My definition of a professional is, "someone who has done something more than once and got paid for it". This is handy to remember, because not everyone who claims to be a professional is an expert at what he or she does. So, I thought it might be fun to remember all the things for which I am a "professional":
software design engineer
web site developer
seismic data processor
restaurant assistant manager
restaurant shift manager
model railroad builder
Try to remember all the things you have done with a level of competence for which you have been compensated!
Assuming we could find some central, stationary point in the Universe, how fast are we as an individual human moving around that point?

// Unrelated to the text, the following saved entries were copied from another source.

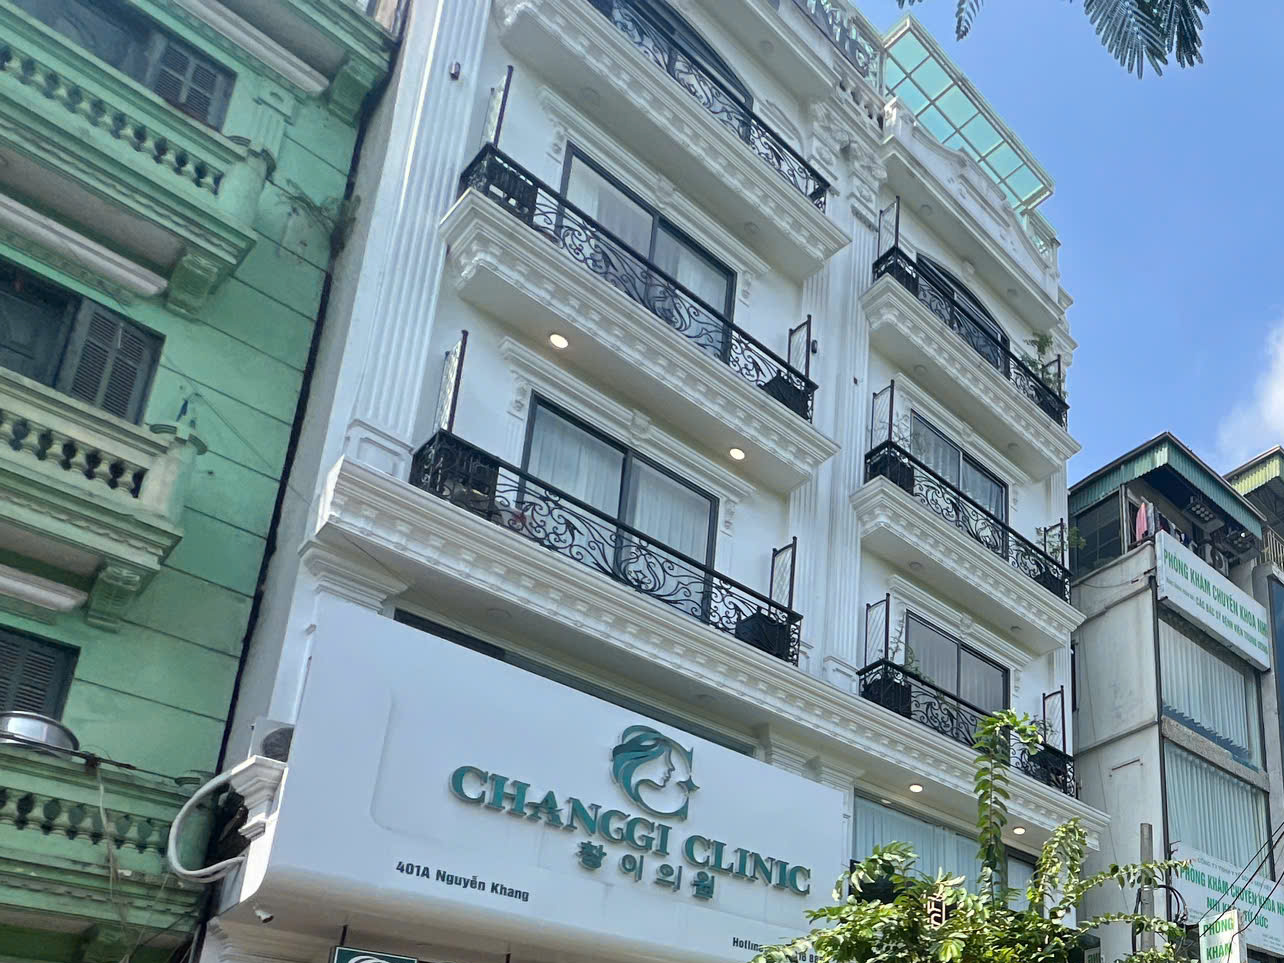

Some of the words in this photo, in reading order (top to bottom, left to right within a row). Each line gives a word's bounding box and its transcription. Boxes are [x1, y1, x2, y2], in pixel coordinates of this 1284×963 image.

[1164, 548, 1188, 580] PHÒNG
[1190, 568, 1211, 597] KHÁM
[1212, 585, 1238, 617] CHUYÊN
[1240, 603, 1256, 629] KHOA
[449, 765, 673, 856] CHANGGI
[681, 834, 812, 897] CLINIC
[396, 861, 430, 879] 401A
[435, 869, 486, 891] Nguyễn
[490, 882, 530, 902] Khang
[1180, 863, 1205, 886] PHÒNG
[1208, 875, 1229, 896] KHÁM
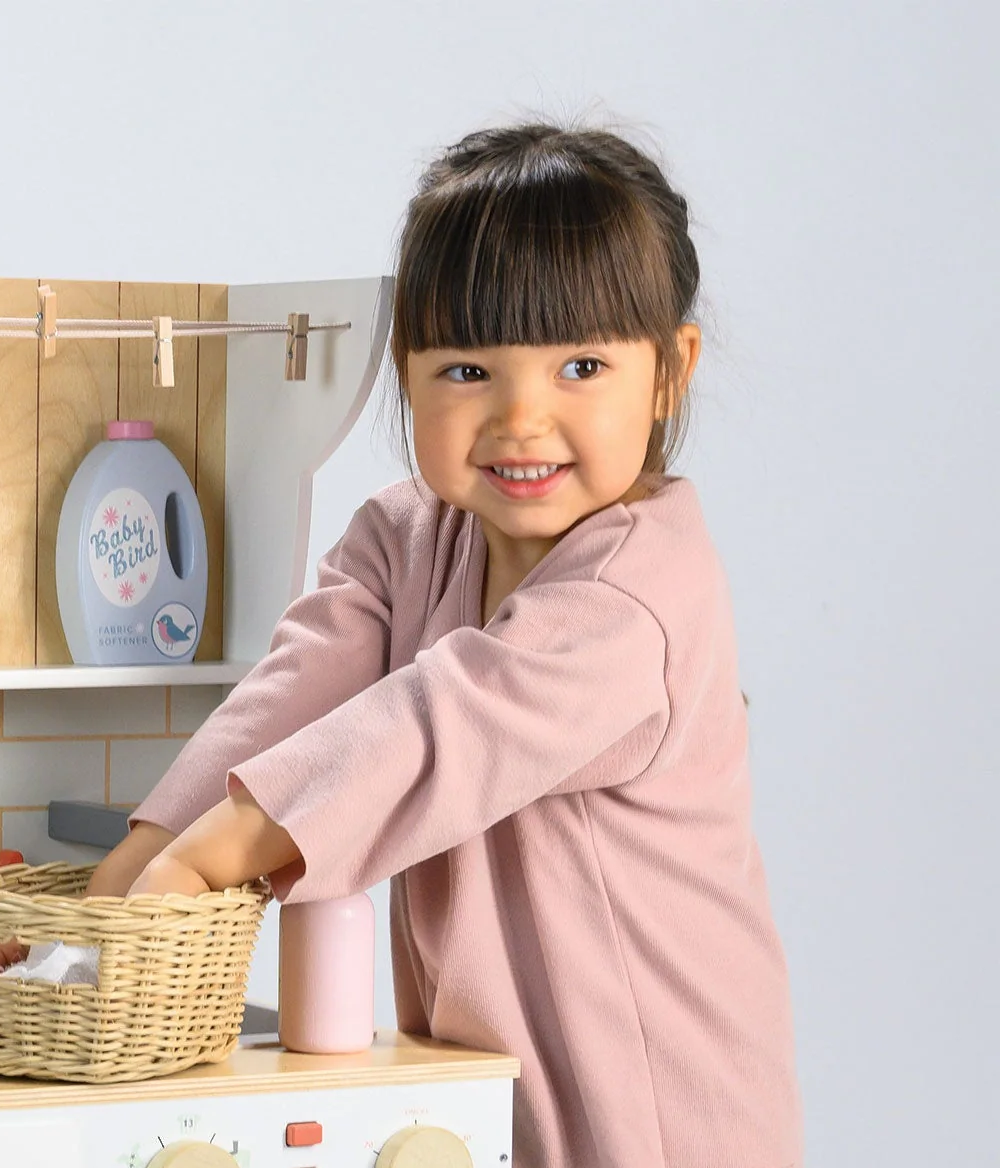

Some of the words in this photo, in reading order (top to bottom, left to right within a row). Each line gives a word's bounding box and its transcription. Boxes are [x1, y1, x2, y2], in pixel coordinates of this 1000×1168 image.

The Earth, at the equator, covers a distance of 24,901 miles in a 24-hour period. That means someone standing at the equator is actually moving 1,040 mph. The further away from the equator you are, the slower you are moving, all the way down to zero at the North and South Poles.
The Earth is in an elliptical orbit around the Sun. This path covers about 584 million miles in one year. To cover that distance in that time, the Earth travels at 66,627 mph. So, relative to the Sun, a human is now traveling as much as 67,667 mph each and every day! To put this in perspective, the fastest bullet out of a gun travels at about 2,700 mph, and the International Space Station orbits the Earth at only 17,150 mph. Voyager 1 is going about 30,000 mph.
The above paragraph was with respect to the Sun. However, our Sun, and therefore the entire solar system orbiting around it, are moving as a cohesive whole as well. The Sun is located in one of the outer arms of the Milky Way galaxy, at a distance of about 25,000 light-years (a light-year is approximately 5.9 trillion miles). Compared to the center of our galaxy, to cover an entire orbit around its center requires the Sun to travel at about 448,000 mph. So, our little human is now traveling as fast as 515,667 mph, relative to the center of the galaxy.
The Milky Way, much like our solar system, is hurling through space as well, probably around some central point. However, this is beyond what humans can currently calculate and comprehend. However, the thought that we are each traveling at a half a million miles per hour relative to the center of our galaxy is already mind-blowing enough. Now if you loose your balance occasionally, you know why!